15 marzo 2024

FRATELLO DELLO SPAZIO

Di Roy Garrett (alias Mario Gariazzo). Con Martin Balsam, Agostina Belli, Silvia Tortosa, William Berger. SPAGNA – ITALIA / 1988 / Turbo Films

The Brother from Space (1988) on IMDb

Ci sono film che ti piacciono, ci sono film che ti rimangono dentro, ci sono film che ti fanno schifo, ci sono film che ti fanno odiare l’umanità, ci sono film che dimentichi il secondo dopo averne terminato la visione, e ci sono film che ti fanno dire…boh! Fratello dello Spazio è uno di quei film che mi hanno fatto dire…boh!

Misconosciuto al limite dell’oblio, quest’opera fantascientifica è diretta da Mario Gariazzo, nascosto dal proverbiale pseudonimo angolofono, già apparso su queste sciagurate pagine virtuali per l’imperdibile Incontri molto ravvicinati del…quarto tipo. Ma se quest’ultimo era un pietoso tentativo di commistione tra fantascienza e commedia erotica, la qui presente pellicola dall’abisso è una deprimente e inspiegabile cacofonia visuale il cui senso di esistere sfugge ad umana comprensione. Non per niente il film, una coproduzione italo-spagnola, è sparito nel nulla senza essere pubblicato da nessuna parte per poi rispuntare come un fungo negli ultimi anni, prima grazie al canale TV Iris e adesso, ovviamente, grazie ad Amazon Prime Video, il quale, analogamente ad una ragazza dai facili costumi, non riesce dire di no a nessuno.

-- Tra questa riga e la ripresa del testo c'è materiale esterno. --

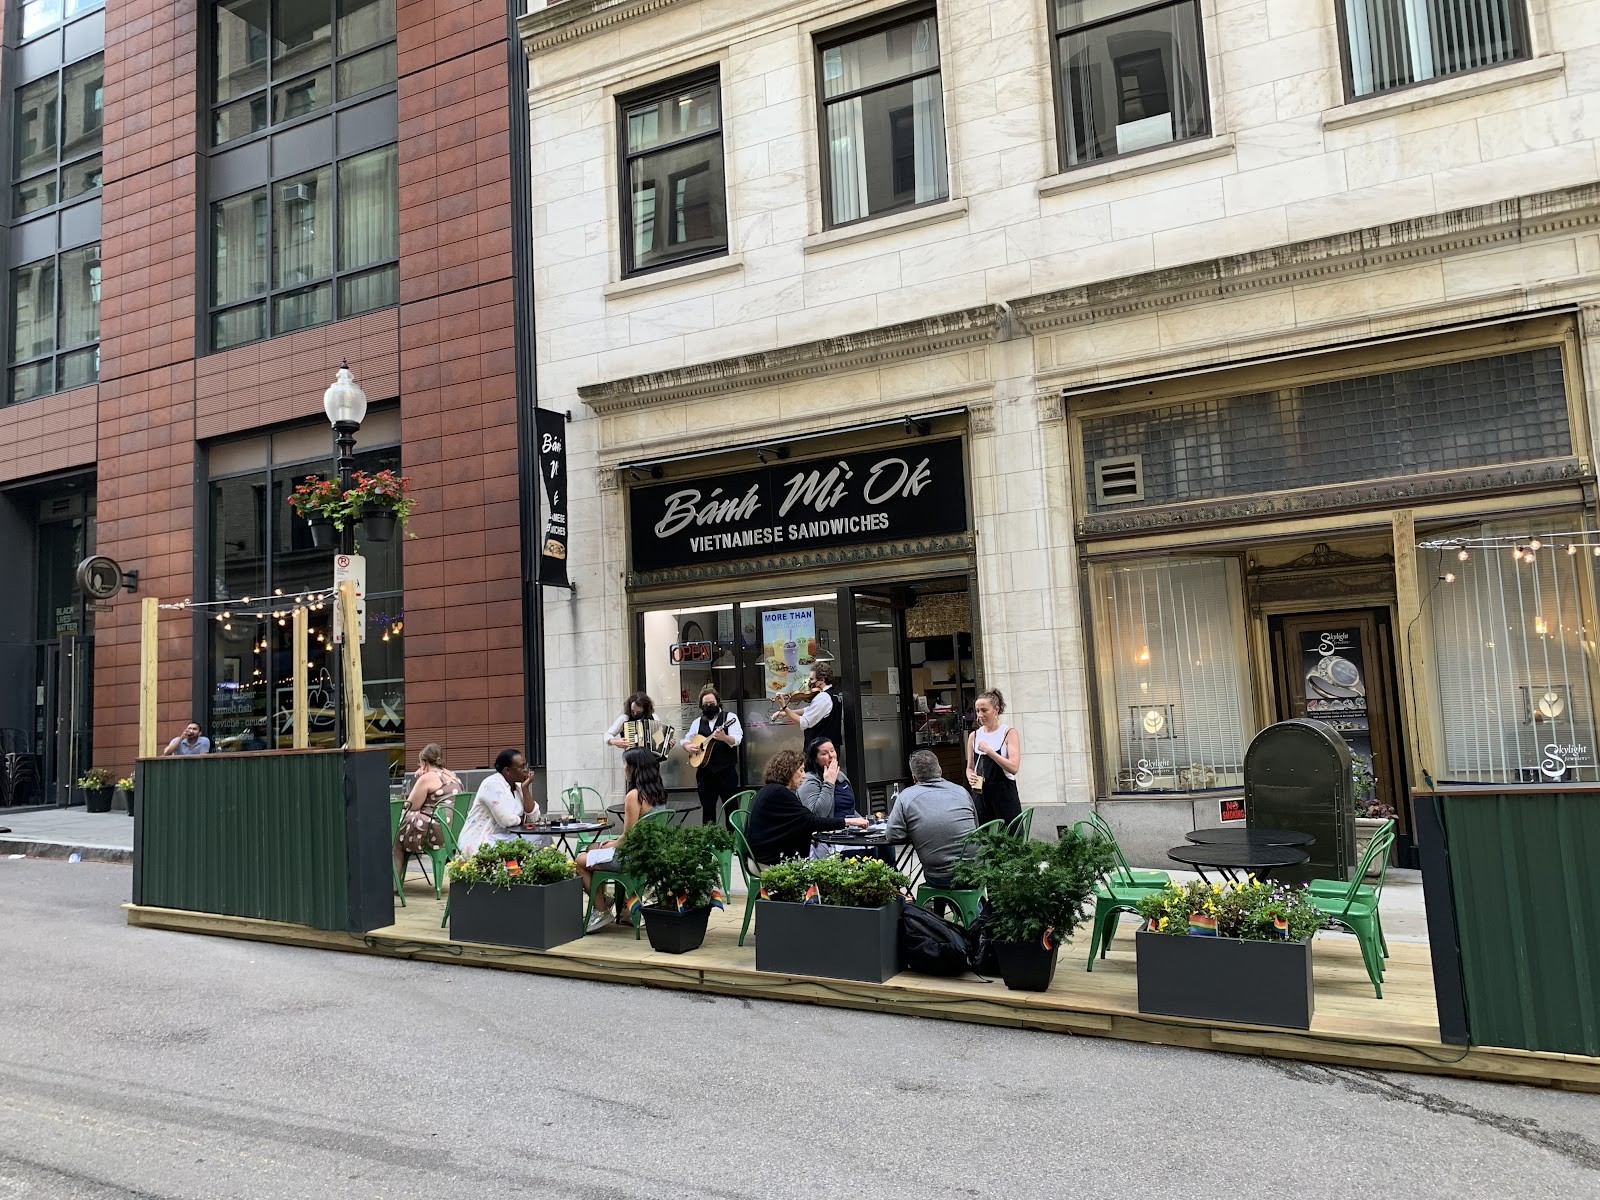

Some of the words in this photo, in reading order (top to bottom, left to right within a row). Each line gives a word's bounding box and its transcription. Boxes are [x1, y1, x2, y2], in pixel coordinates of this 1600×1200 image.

[654, 483, 761, 539] Bánh
[778, 460, 853, 518] Mì
[863, 457, 932, 505] Ok
[689, 526, 784, 553] VIETNAMESE
[788, 512, 890, 541] SANDWICHES
[56, 606, 75, 616] BLACK
[764, 611, 788, 622] MORE
[789, 610, 813, 620] THAN
[56, 615, 72, 624] LIVES
[56, 622, 78, 632] MATTER
[1318, 632, 1349, 656] Skylight
[672, 644, 711, 663] OPEN
[1541, 744, 1588, 777] Skylight
[1136, 759, 1170, 787] Skylight
[1225, 801, 1239, 810] NO
[1222, 809, 1246, 820] SMOKING

La trama vuole che una nave spaziale aliena abbia un'avaria e che gli occupanti finiscano sulla Terra. Ne sopravvive solo uno: un tenero alienino con una tutina argentata e un enorme testone simile ad una prugna secca. L'esercito inizia le ricerche per catturarlo, ma una ragazza cieca che è anche un po’ medium (E CIT. PURE STAVOLTA!), con i suoi due compagni di viaggio, un prete e un'amica, cercherà di aiutarlo a tornare a casa e a difenderlo dagli umani cattivi


Ma quanto erano belli i pupazzini delle Sunsweet???

La già elisissima trama viene ulteriormente martoriata da un andamento pachidermico e maldestro, in cui le cose si ripetono senza soluzione di continuità, come lo sceriffo della città che non fa che andare da un posto A ad un posto B e dire ai suoi sottoposti di andare dal posto C al posto D. 

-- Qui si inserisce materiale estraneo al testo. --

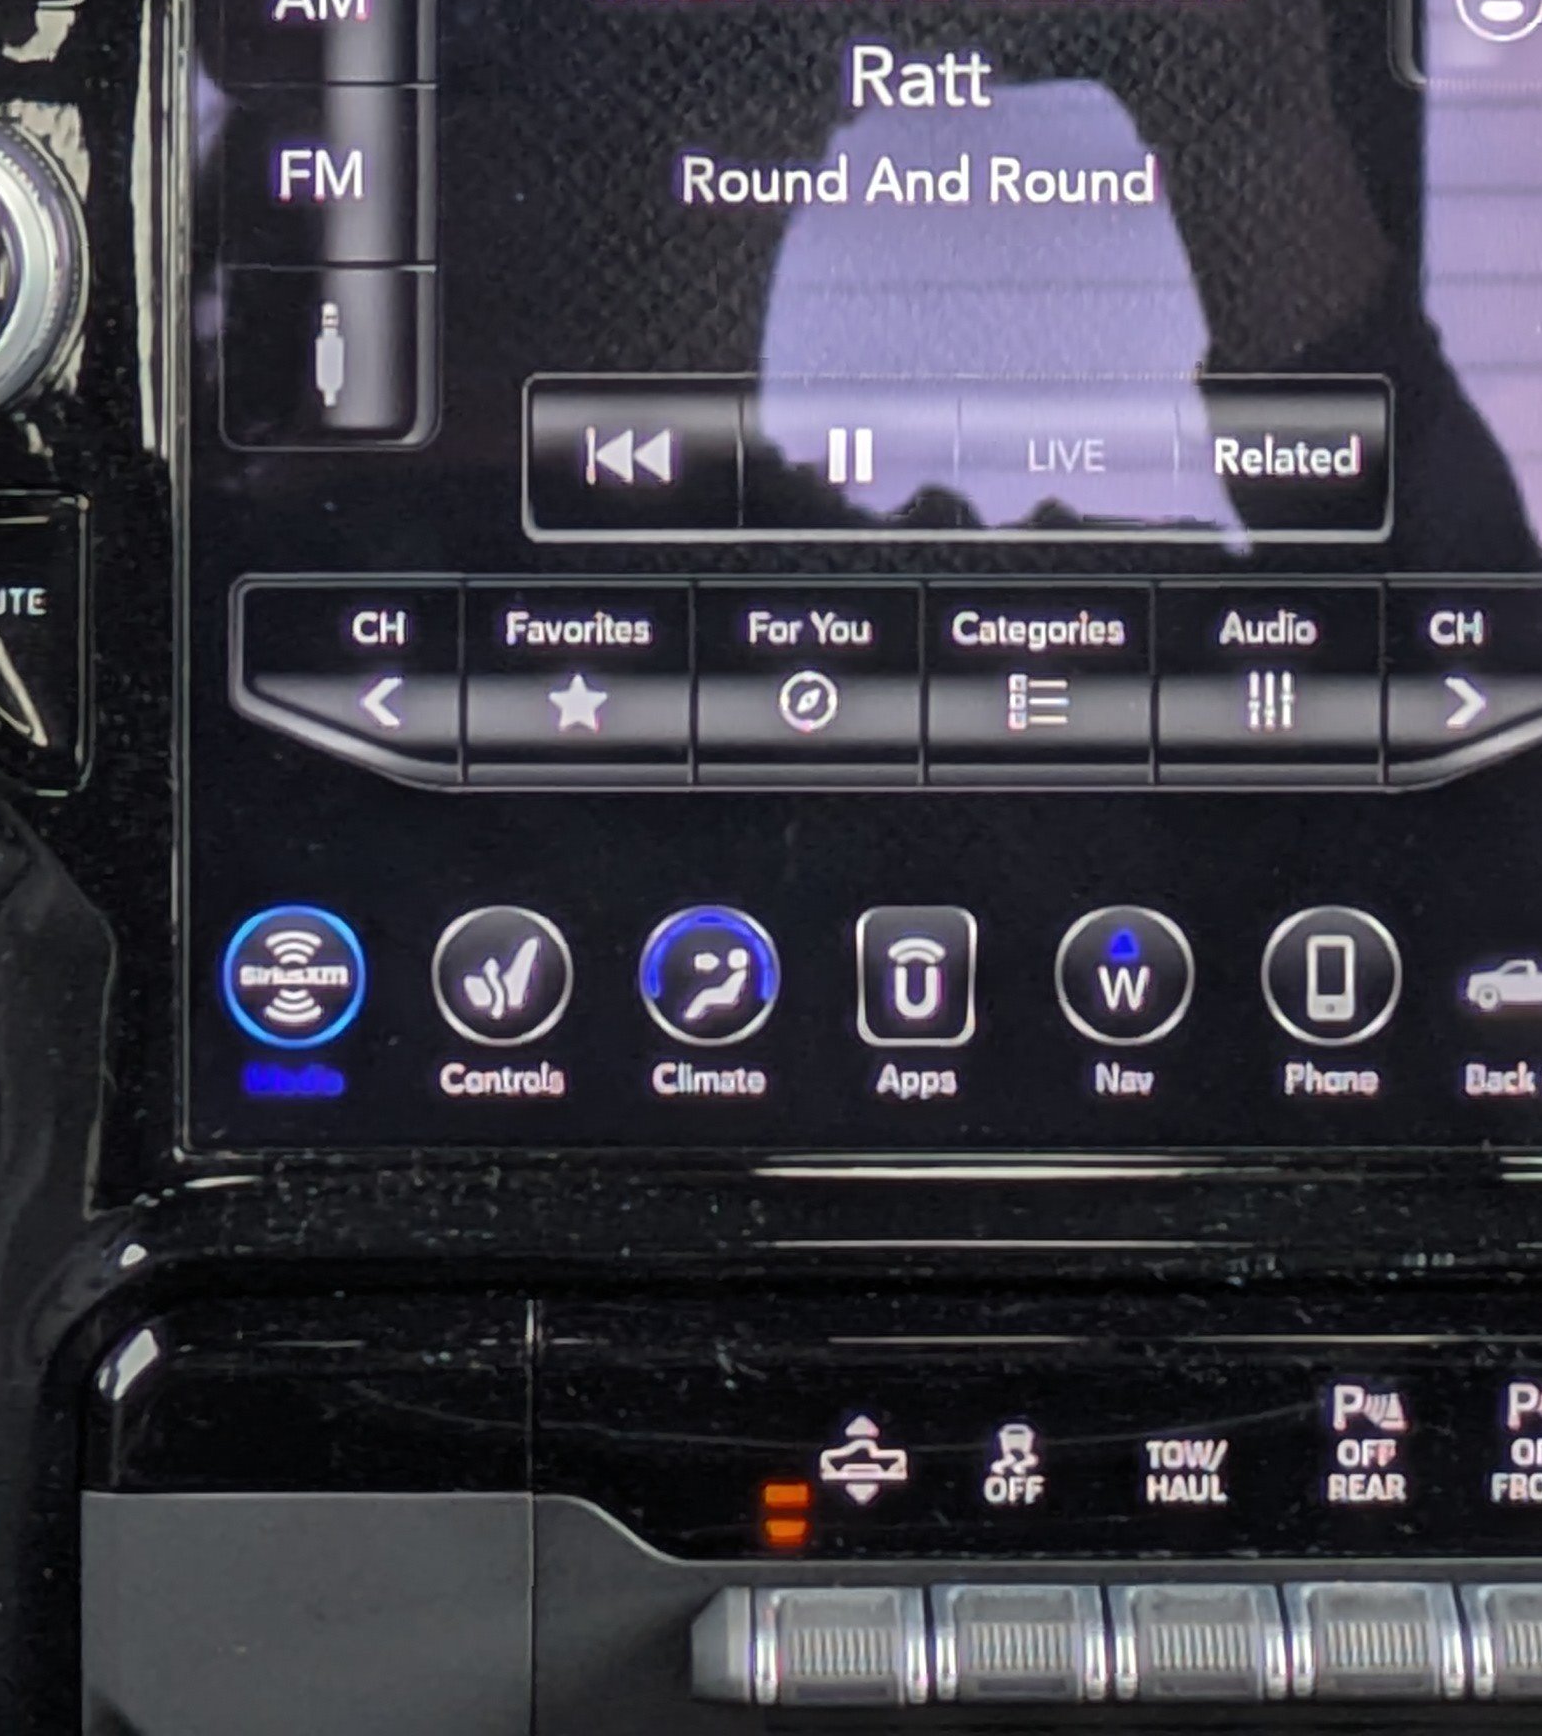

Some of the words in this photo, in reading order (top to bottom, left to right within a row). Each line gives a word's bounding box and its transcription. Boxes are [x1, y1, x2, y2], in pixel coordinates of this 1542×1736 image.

[850, 45, 991, 107] Ratt
[279, 149, 363, 200] FM
[682, 155, 848, 203] Round
[865, 155, 970, 203] And
[990, 155, 1157, 203] Round
[1028, 439, 1107, 473] LIVE
[1215, 435, 1361, 477] Related
[353, 611, 406, 645] CH
[506, 611, 651, 645] Favorites
[749, 611, 803, 645] For
[810, 611, 872, 645] You
[952, 611, 1125, 650] Categories
[1219, 611, 1317, 645] Audio
[1429, 611, 1485, 645] CH
[1097, 965, 1150, 1011] W
[441, 1063, 565, 1096] Controls
[653, 1063, 767, 1096] Climate
[876, 1063, 957, 1100] Apps
[1095, 1063, 1154, 1095] Nav
[1285, 1063, 1379, 1095] Phone
[1465, 1063, 1536, 1095] Back
[1147, 1440, 1227, 1472] TOW/
[1338, 1439, 1397, 1468] OFF
[984, 1476, 1046, 1505] OFF
[1147, 1474, 1227, 1504] HAUL
[1328, 1474, 1406, 1502] REAR

Crea un certo sconcerto anche l’incredibile flemma, se non quasi indifferenza, con cui alcuni avvenimenti vengono trattati. I tre protagonisti (la cieca, l’amica e il prete) quasi non fanno una piega davanti ad un alienino-prugna con poteri telecinetici, mentre anche le autorità sembrano prendersela con molta calma, tanto che le supposte scene di azione, quasi prive di musica, si svolgono con la stessa intensità di una siesta messicana dopo un pranzo a base di fajitas e sangria. Il riferimento al Messico non è casuale perché la stessa ambientazione povera e desertica, esaspera ancora di più il senso di desolazione e straniamento che il film trasmette.

Il significato recondito è probabilmente quello di un sottotesto religioso: il prete (interpretato da un decrepito Martin Balsam, che tra gli anni ’60 e ’70 aveva recitato in filmetti quali Psyco, Tutti Gli Uomini del Presidente e Assassinio sull’Orient Express) insiste sulla similitudine tra Gesù e l’alienino-prugna: entrambi scesi dalle stelle e dotati di poteri straordinari, alla fine condannati dalla cattiveria dell’uomo. Tra l'altro l'alienino farà il miracolo dando la vista all'ex non vedente grazie ad un visore stile Geordie LaForge, ovvero un pezzo di plastica arancione. Va bene, ma quindi? Il messaggio qual era? Viva Gesù e/o gli uomini sono malvagi e non imparano mai? Boh.


Da segnalare anche gli effetti speciali altamente risibili: pur ammettendo la povertà di budget, non si può non sorridere amaramente di fronte ai modellini simili a dei lampadari delle astronavi schiaffati sopra a delle immagini di repertorio di bassissima qualità; in particolare il fondale statico della terra non sarebbe stato perdonabile neanche in un film di Ed Wood.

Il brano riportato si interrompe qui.